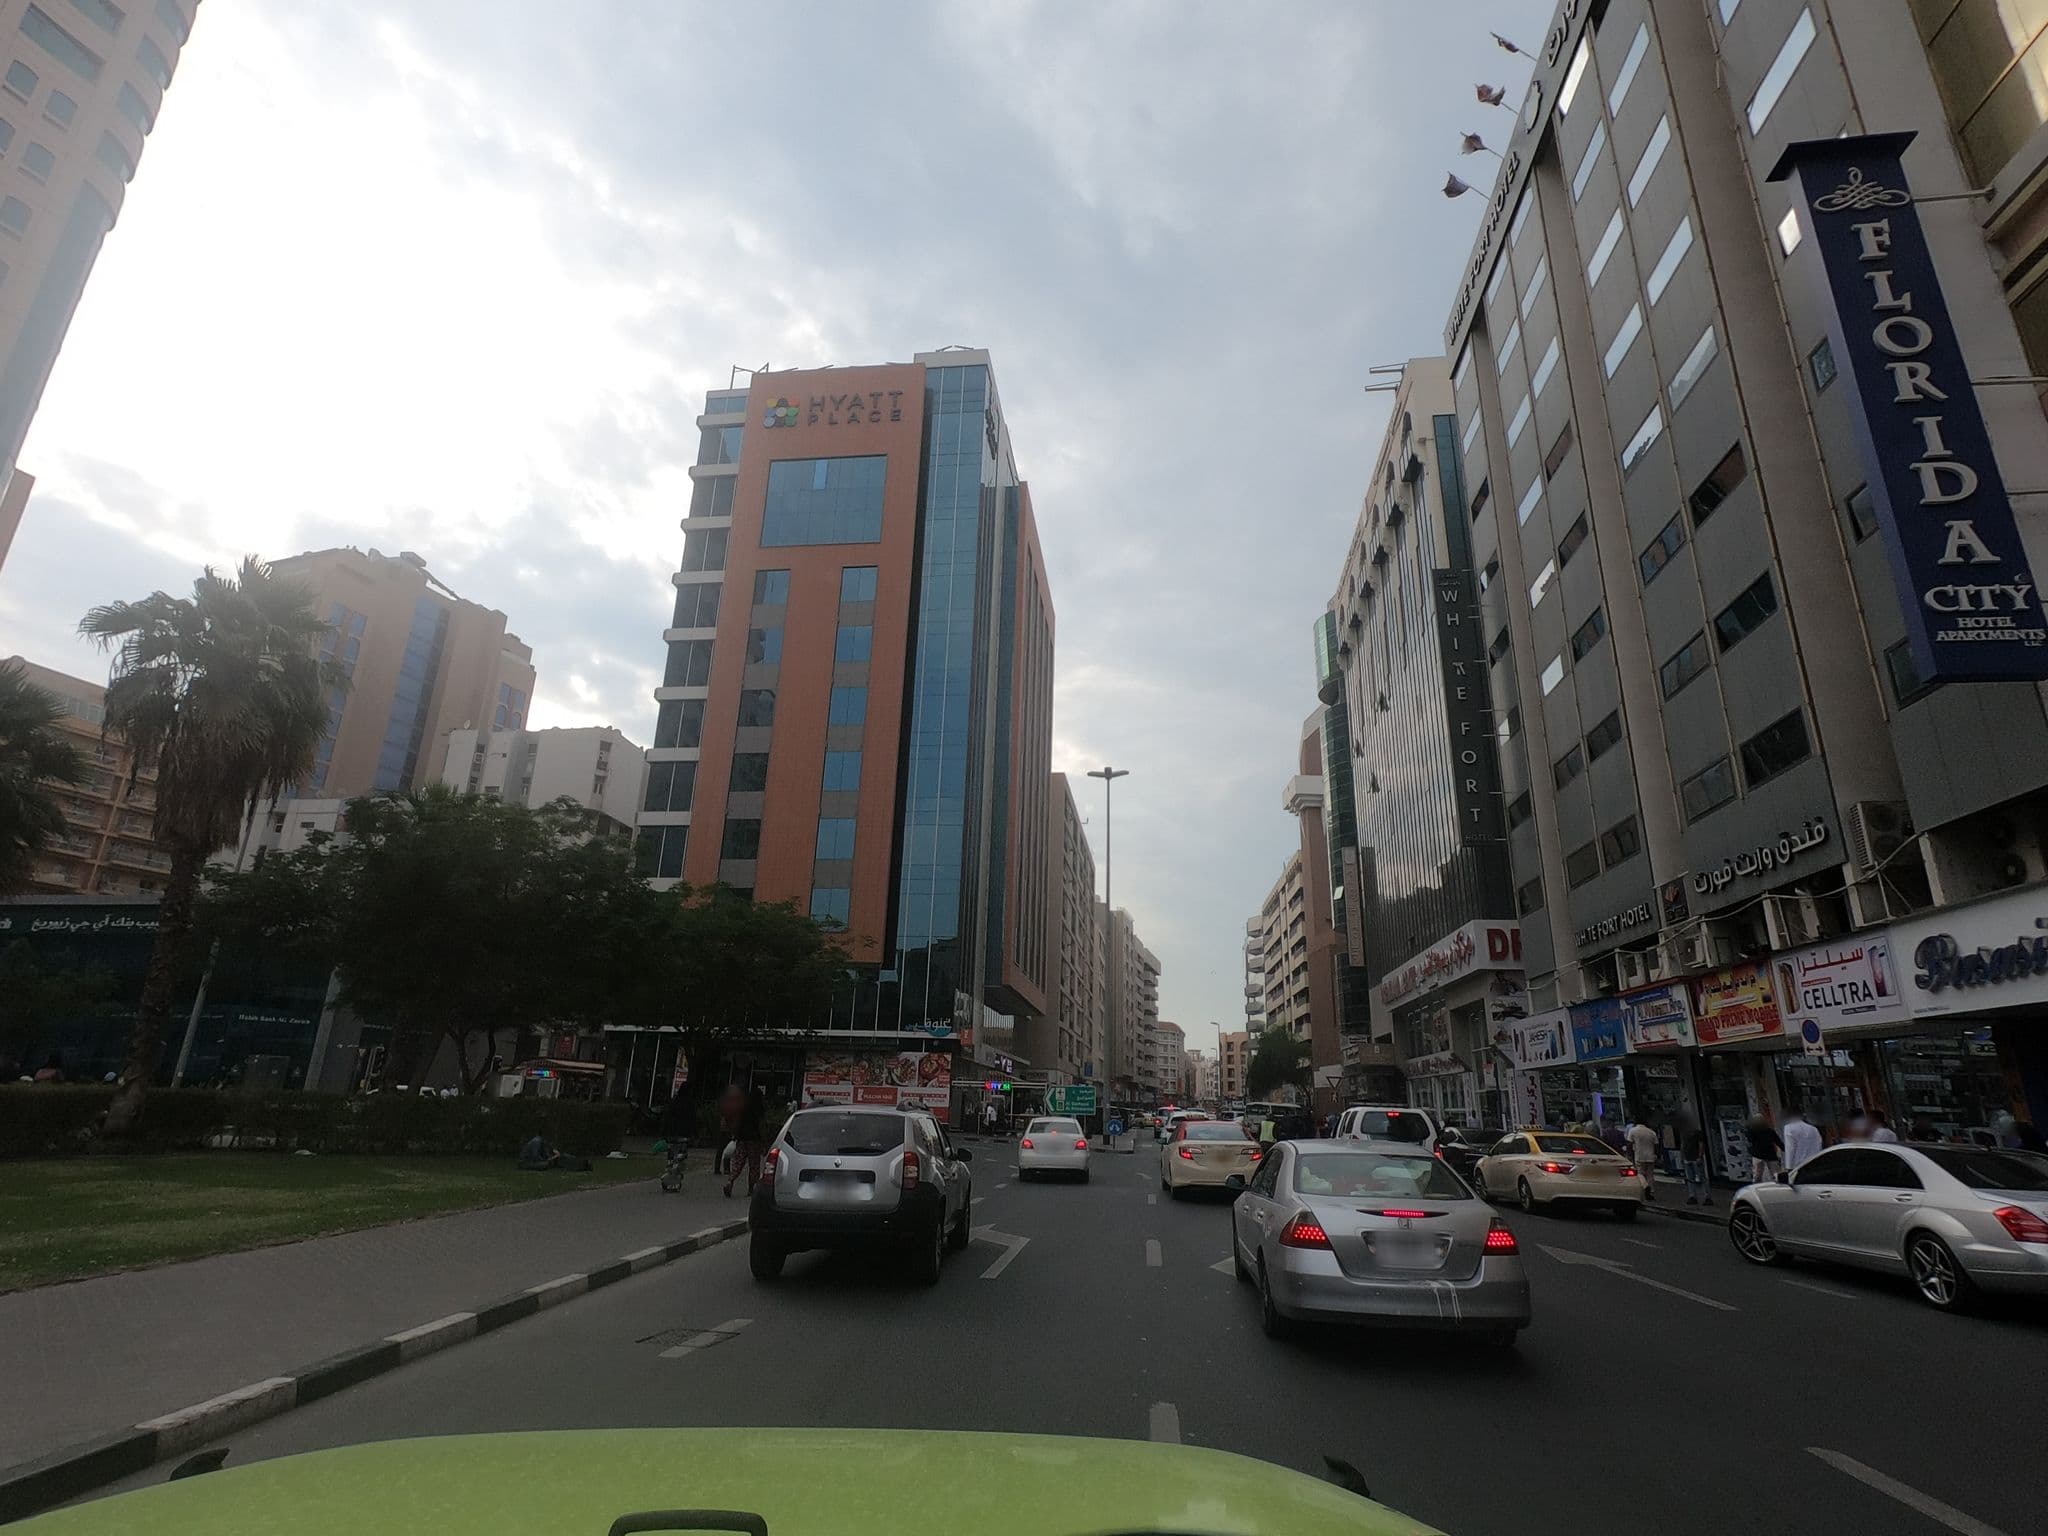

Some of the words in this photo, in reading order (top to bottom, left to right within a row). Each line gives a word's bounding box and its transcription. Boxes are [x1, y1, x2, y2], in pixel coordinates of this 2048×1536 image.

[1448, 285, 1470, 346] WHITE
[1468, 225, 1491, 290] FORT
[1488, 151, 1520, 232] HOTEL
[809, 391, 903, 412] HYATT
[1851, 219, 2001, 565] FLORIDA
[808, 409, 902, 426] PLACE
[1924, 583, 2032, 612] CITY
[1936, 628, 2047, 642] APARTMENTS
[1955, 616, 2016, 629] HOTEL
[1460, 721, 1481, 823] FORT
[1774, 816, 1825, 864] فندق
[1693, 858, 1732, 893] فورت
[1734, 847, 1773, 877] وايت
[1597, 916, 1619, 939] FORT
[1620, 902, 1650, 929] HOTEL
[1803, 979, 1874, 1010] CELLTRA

Activity: Return all of the entries exactly as written, but drop any pictures they hold.

Output for this task:
Some of the words in this photo, in reading order (top to bottom, left to right within a row). Each line gives a word's bounding box and its transcription. Boxes are [x1, y1, x2, y2], in pixel coordinates of this 2048×1536 image.

[1448, 285, 1470, 346] WHITE
[1468, 225, 1491, 290] FORT
[1488, 151, 1520, 232] HOTEL
[809, 391, 903, 412] HYATT
[1851, 219, 2001, 565] FLORIDA
[808, 409, 902, 426] PLACE
[1924, 583, 2032, 612] CITY
[1936, 628, 2047, 642] APARTMENTS
[1955, 616, 2016, 629] HOTEL
[1460, 721, 1481, 823] FORT
[1774, 816, 1825, 864] فندق
[1693, 858, 1732, 893] فورت
[1734, 847, 1773, 877] وايت
[1597, 916, 1619, 939] FORT
[1620, 902, 1650, 929] HOTEL
[1803, 979, 1874, 1010] CELLTRA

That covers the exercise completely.